Fibroblast activation protein α-positive pancreatic stellate cells promote the migration and invasion of pancreatic cancer by CXCL1-mediated Akt phosphorylation

Background: Pancreatic stellate cells (PSCs) is a highly heterogeneic stroma cell population in pancreatic cancer tissue. Interaction between PSCs and pancreatic cancer cells has not been well elucidated. This research was aimed to study the relationship between fibroblast activation protein a (FAP alpha)-positive (FAP alpha+) PSCs and the pathological features and prognosis of pancreatic cancer. The effects and mechanisms of FAP alpha + PSCs in pancreatic cancer were also explored. Methods: Tissue microarray analysis was used to detect FAP alpha expression in tumor and adjacent tissues. The relationship between FAP alpha expression and pancreatic pathological features and prognosis were analyzed. The effects of FAP alpha+ PSCs on the proliferation, migration and invasion of pancreatic cancer were detected in vitro and in vivo. A cytokine chip was used to detect the differential expression of cytokines in FAP alpha-positive (FAP alpha+) and FAP alpha-negative (FAP alpha-) PSCs. Phosphorylated tyrosine kinase receptors were detected by a human phosphotyrosine kinase receptor protein chip. The interaction between differential cytokine and tyrosine kinase receptors was detected by immunoprecipitation. Results: Compared with the adjacent tissues, pancreatic cancer stromal tissues showed high FAP alpha expression. FAP alpha was mainly expressed in the PSCs.

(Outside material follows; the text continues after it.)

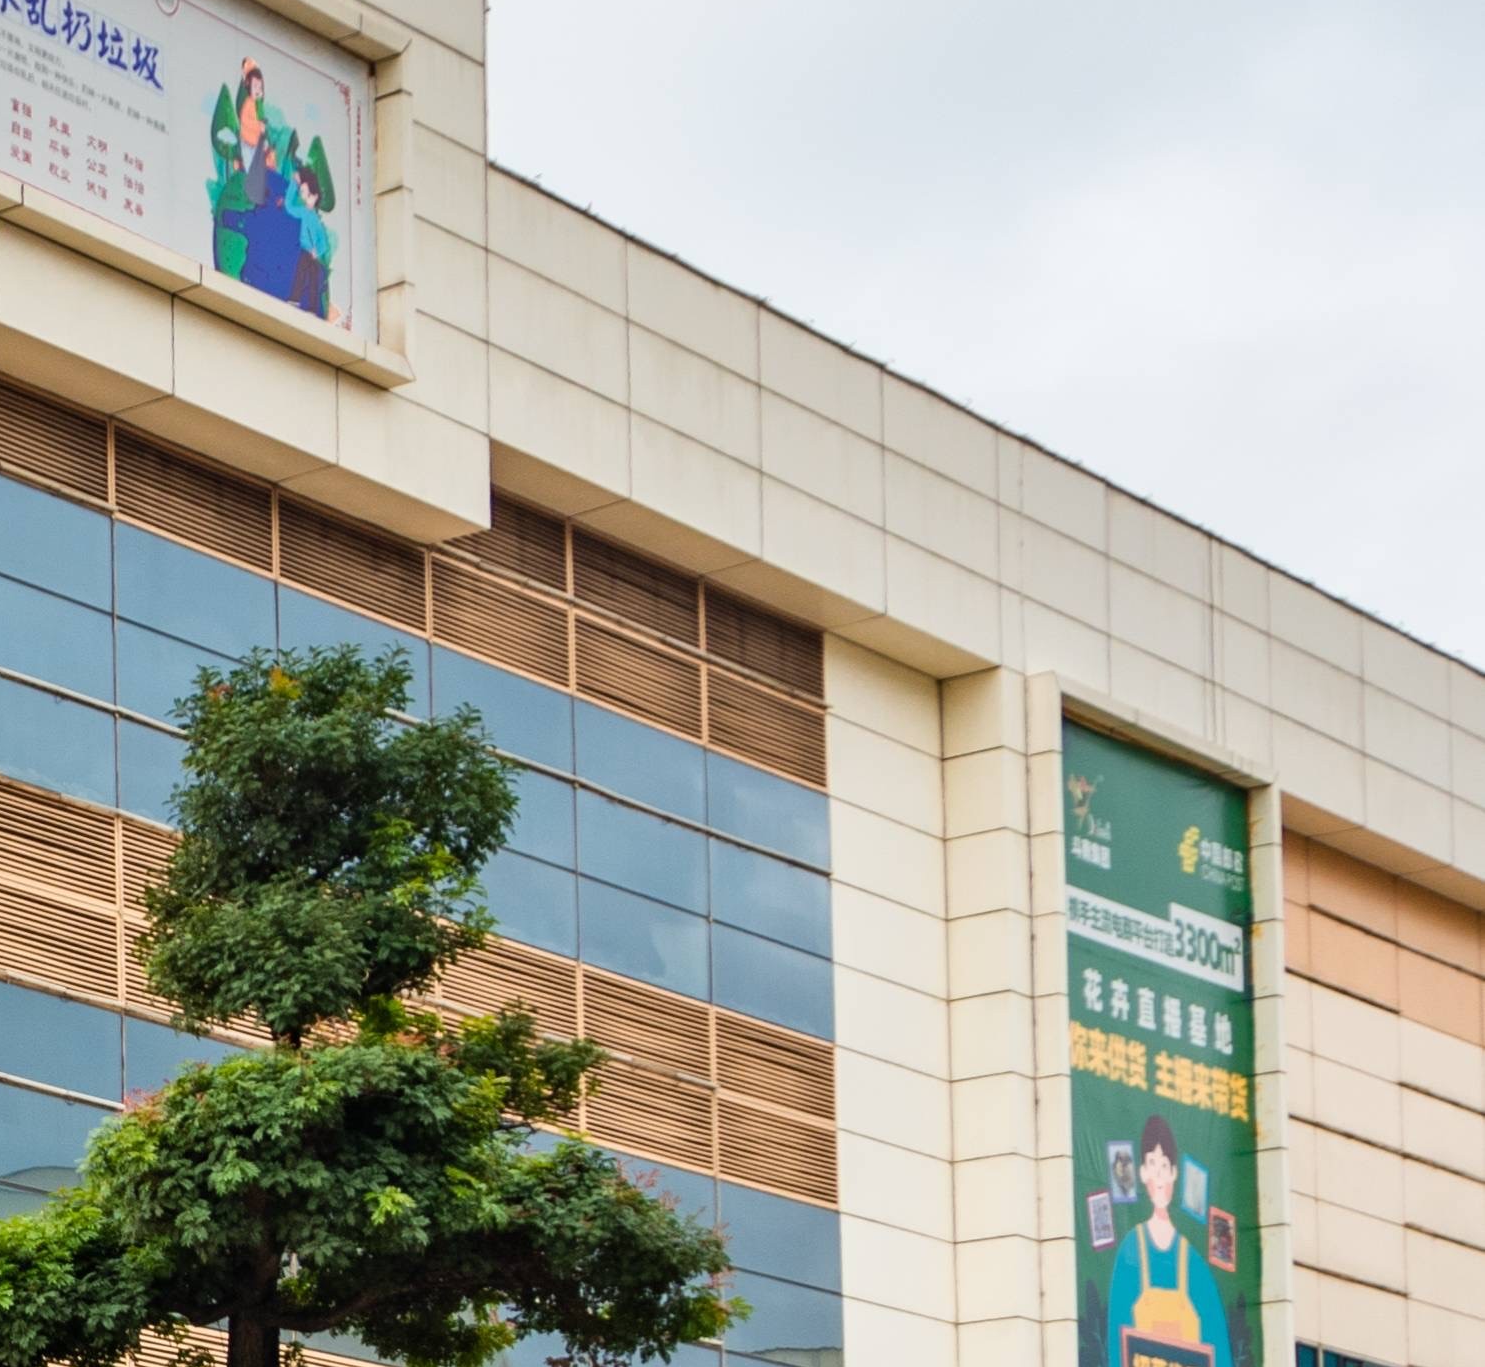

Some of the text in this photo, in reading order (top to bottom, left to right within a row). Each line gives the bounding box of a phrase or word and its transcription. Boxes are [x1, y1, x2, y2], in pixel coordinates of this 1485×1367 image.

[1082, 968, 1234, 1055] 花卉直播基地

FAP alpha+ PSCs were associated with lymph node metastasis. Higher numbers of FAP alpha+ PSCs predicted shorter survival. Pancreatic cancer cells released TGF beta 1 and induced PSCs to express FAP alpha. FAP alpha+ PSCs released the chemokine CXCL1 and promoted the phosphorylation of the tyrosine kinase receptors EphB1 and EphB3 in pancreatic cancer cells. CXCL1, EphrinB1, and EphrinB3 worked together to promote the migration and invasion of pancreatic cancer cells by Akt phosphorylation. Talalx)stat (PT100), an FAP alpha inhibitor, inhibited the roles of FAP alpha+ PSCs. Conclusions: FAP alpha+ PSCs can promote the migration, invasion, and metastasis of pancreatic cancer by the Akt signaling pathway. This interaction of FAP alpha+ PSCs with pancreatic cancer cells may become a new strategy for the comprehensive treatment of pancreatic cancer.